EXERCISE DIRECTIONS = Across the whole listing, return each line exactly, with no images included.

MATERIAL SUPPLIED =
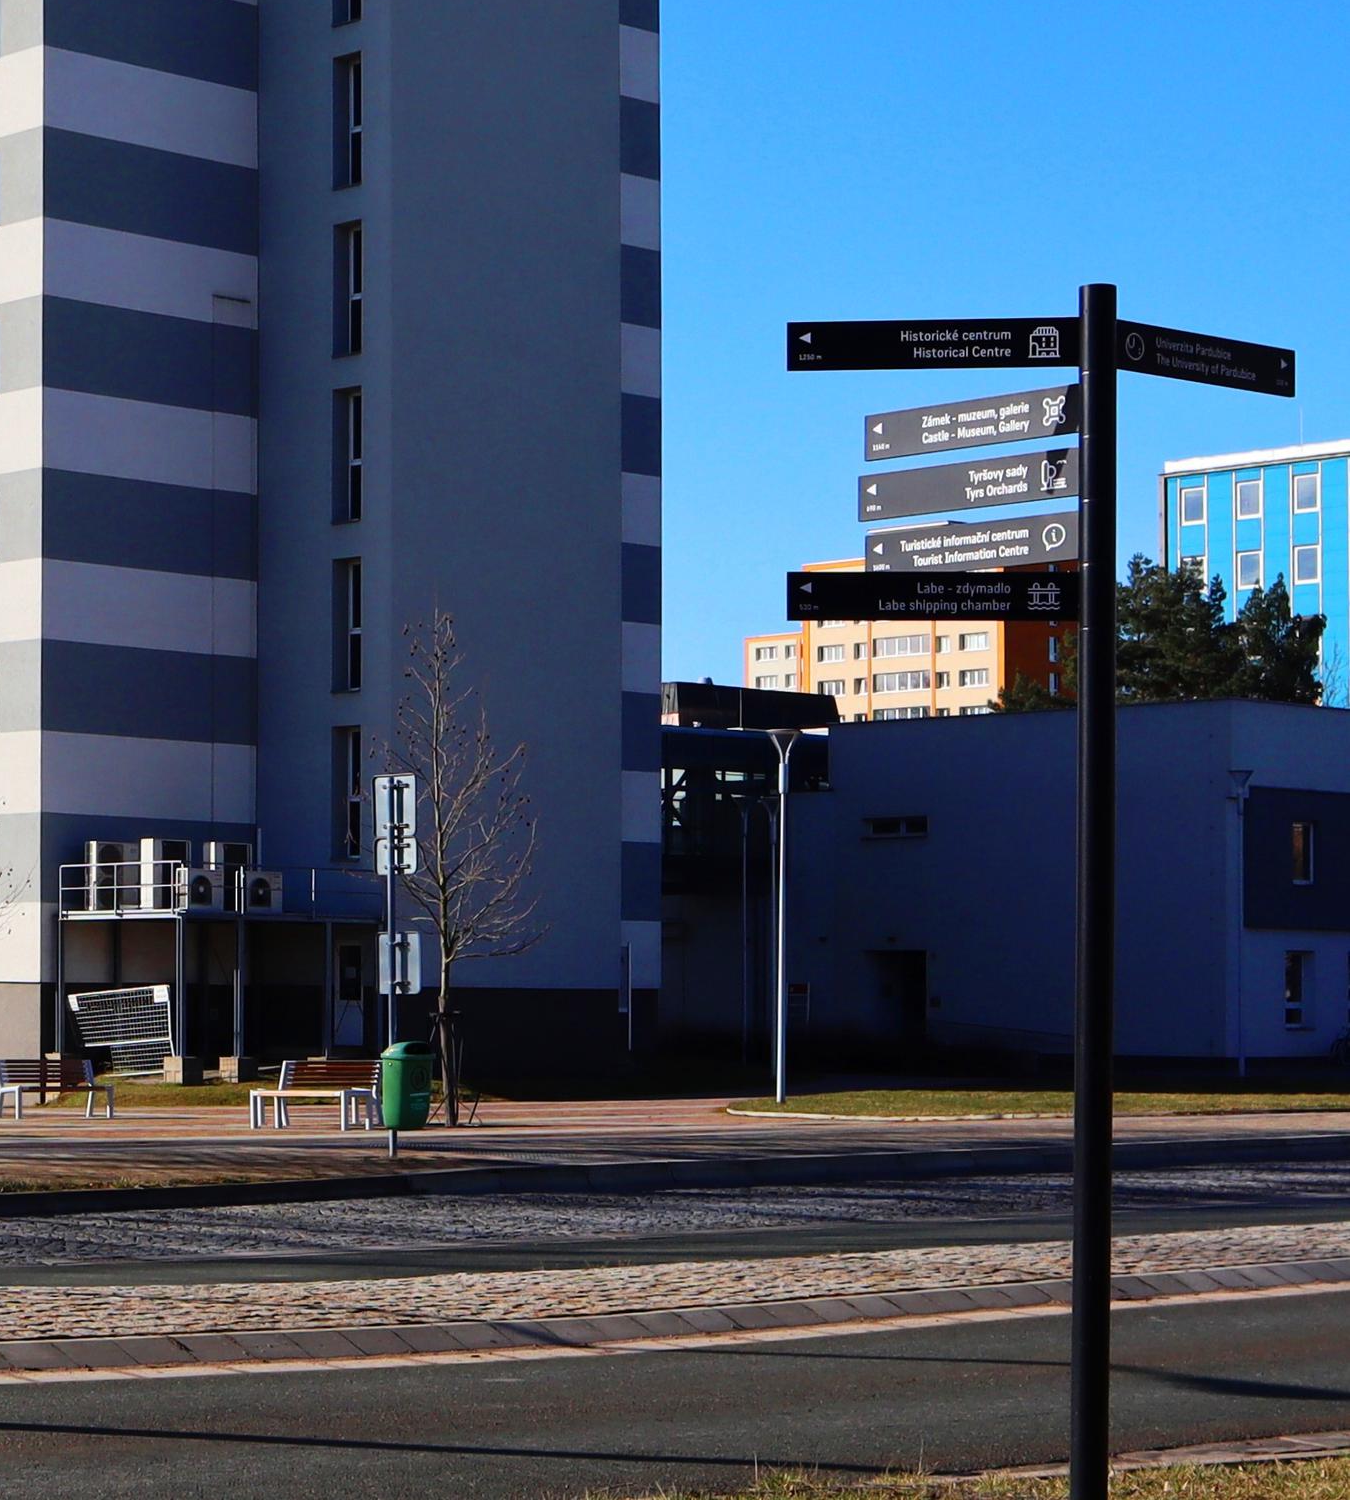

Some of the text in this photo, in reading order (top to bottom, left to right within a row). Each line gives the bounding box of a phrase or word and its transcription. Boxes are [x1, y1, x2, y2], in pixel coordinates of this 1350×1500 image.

[900, 329, 1012, 343] Historické centrum
[913, 346, 1012, 358] Historical Centre
[1156, 353, 1257, 381] The University of Pardubice
[921, 413, 951, 429] Zámek
[958, 409, 998, 424] muzeum,
[999, 402, 1030, 421] galerie
[921, 429, 950, 445] Castle
[957, 423, 998, 440] Museum,
[999, 419, 1030, 437] Gallery
[968, 464, 1028, 485] Tyršovy sady
[964, 481, 1028, 502] Tyrs Orchards
[900, 528, 1030, 552] Turistické informační centrum
[912, 545, 1030, 567] Tourist Information Centre
[917, 582, 944, 594] Labe
[956, 582, 1011, 596] zdymadlo
[878, 599, 1011, 613] Labe shipping chamber

ANSWER AREA =
Some of the text in this photo, in reading order (top to bottom, left to right within a row). Each line gives the bounding box of a phrase or word and its transcription. Boxes are [x1, y1, x2, y2], in pixel coordinates of this 1350×1500 image.

[900, 329, 1012, 343] Historické centrum
[913, 346, 1012, 358] Historical Centre
[1156, 353, 1257, 381] The University of Pardubice
[921, 413, 951, 429] Zámek
[958, 409, 998, 424] muzeum,
[999, 402, 1030, 421] galerie
[921, 429, 950, 445] Castle
[957, 423, 998, 440] Museum,
[999, 419, 1030, 437] Gallery
[968, 464, 1028, 485] Tyršovy sady
[964, 481, 1028, 502] Tyrs Orchards
[900, 528, 1030, 552] Turistické informační centrum
[912, 545, 1030, 567] Tourist Information Centre
[917, 582, 944, 594] Labe
[956, 582, 1011, 596] zdymadlo
[878, 599, 1011, 613] Labe shipping chamber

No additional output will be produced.